Dominique Moisi, adds ‘emotion’ to Huntington’s idea of culture, and argues that its not really clash of civilizations as much as a ‘clash of emotions’- Asia displays a ‘culture of hope’, West a ‘culture of fear’, and the Arab world a ‘culture of humiliation’. Regardless of the theory itself, Moisi’s essay ends up looking like a product of his self-described West’s ‘culture of fear’.

Moisi’s analysis appears to be old wine in a new bottle. The new terminology Moisi cloaks his arguments in is often nothing more than a rehash of arguments made by Huntington or Bernard Lewis. What Moisi is really arguing about when he talks about Arab ‘culture of humiliation’ is that the Arab culture is stuck in historical paralysis, recounting the glory days of Islam and deeply resentful of West’s rise and yes, the formation of Israel.

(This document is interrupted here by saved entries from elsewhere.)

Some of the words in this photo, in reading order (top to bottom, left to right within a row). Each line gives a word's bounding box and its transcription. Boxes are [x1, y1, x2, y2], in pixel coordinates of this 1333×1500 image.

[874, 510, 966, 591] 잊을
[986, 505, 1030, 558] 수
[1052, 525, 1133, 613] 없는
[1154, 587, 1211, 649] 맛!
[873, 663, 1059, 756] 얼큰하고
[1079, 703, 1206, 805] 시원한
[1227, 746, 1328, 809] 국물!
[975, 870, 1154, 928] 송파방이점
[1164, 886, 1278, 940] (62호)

Analyzing world by ascribing ‘emotional’ charges to entire regions of the world is at best a deeply flawed enterprise and to do so to make an often made point about how the West must work to end Israeli-Palestinian conflict seems like too much unnecessary exertion. Nations, let alone regions, are much more complex organisms. We cannot group together Egypt and Iran, with their significant pre-Islamic histories and large cosmopolitan populations with the largely urbanized Kuwait or Bahrain or Oman. Neither can we straddle Lebanon, with its French occupation and outward looking population, with Saudi Arabia, for little meaningful analysis will result from it. And while it is easy to get carried away with sloganeering, important forces that still shape foreign policy are still the hustle for resources and military supremacy.

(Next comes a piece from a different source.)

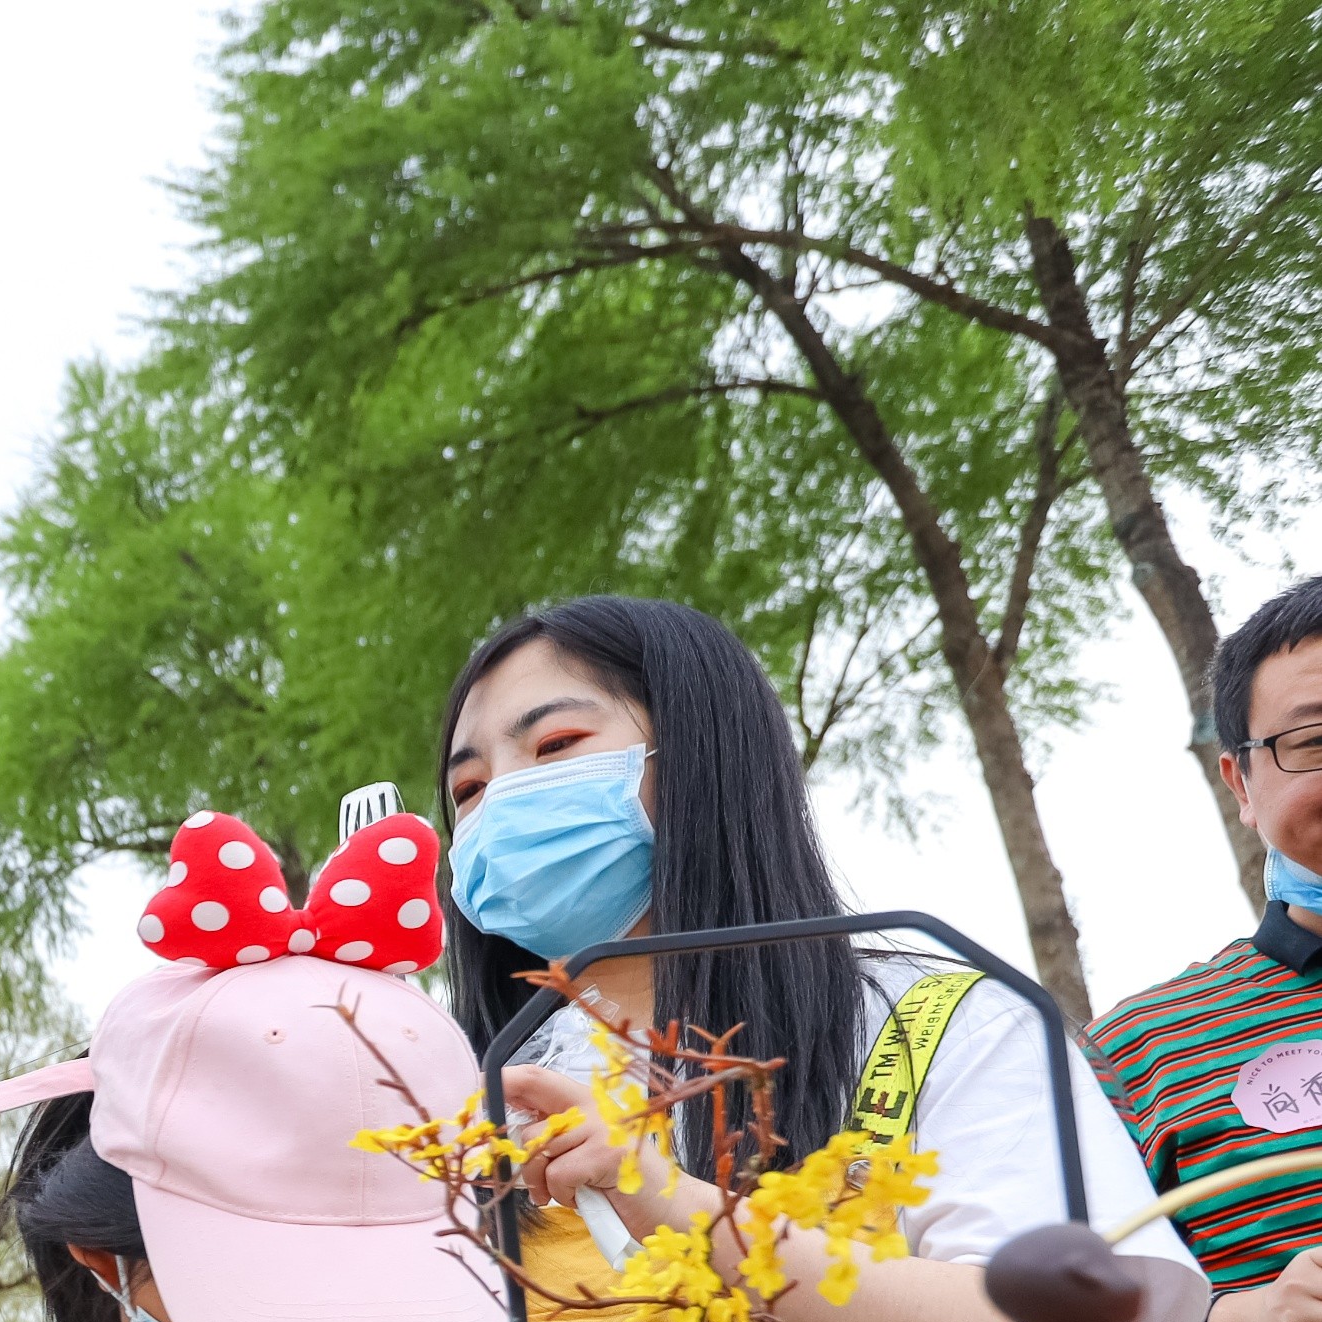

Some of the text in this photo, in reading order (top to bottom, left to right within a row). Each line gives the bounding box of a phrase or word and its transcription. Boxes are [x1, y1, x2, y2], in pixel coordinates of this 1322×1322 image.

If Moisi’s analysis about this ‘culture of humiliation’ is correct, I fail to see why countries in Asia would be so insulated from it. After all, both Indian and Chinese civilizations have seen equally, if not more so, impressive glory days of their respective civilizations. And a majority of Indians and Chinese are equally alienated by the ‘progress’ that has really meant westernization. The rise of Hindu nationalism in India and the associated communal tensions are arguably rooted in the ‘culture of humiliation’. More importantly, Moisi’s assessment of Asia’s culture of hope, seems deeply misplaced given there are more poor people in Asia that anywhere else in the world. It is also important to note that it is terrorists from South Asian country, Pakistan, that were implicated in the bomb blasts in London, and not people from the Arabian peninsula.

The overall point Moisi is interested in making is that the root of Arab ‘culture of humiliation’ is the festering Israeli-Palestinian conflict. Of course Israel has become a important rallying cry for myriad of Arabs but it has become so because criticizing it is the only authorized form of dissent as they live under authoritarian regimes that outlaw demonstrating about say lack of jobs. Even if we agree that Arab-Israeli conflict is an important emotive conflict, and it is – not only on the Arab street but in rest of the developing world for it is seen as an unabashed display of American Imperialism – it is still left to us to figure out why is it that the Arab world needs the West to solve conflict within the region? Moisi conveniently leaves out how Israel has been unabashedly armed, supplied and supported continuously by US and other western European countries.

Lets devote our energies to test the fundamental assumption that underpins Moisi’s analysis – the threat faced by the West from Arabs. Yes, Western Europe and US have seen some terrorist attacks but in terms of sheer number of casualties or damage, the impact has been minuscule. There is little rationale ground for fear of terrorism in the West, if we just predicate it on past incidences. Yes, Europe will have to face important questions about assimilation of Muslim immigrants and the nature and shape of society but to irrationally magnify those fears and make the basis of indulging in spiritless intellectual gymnastics is inexcusable. So perhaps inadvertently Moisi has stumbled on the key truth about global reality – the West fighting imaginary ghosts. Obviously Moisi only sees problem with the Muslim world – whose problems West needs to solve – so that it can live peacefully.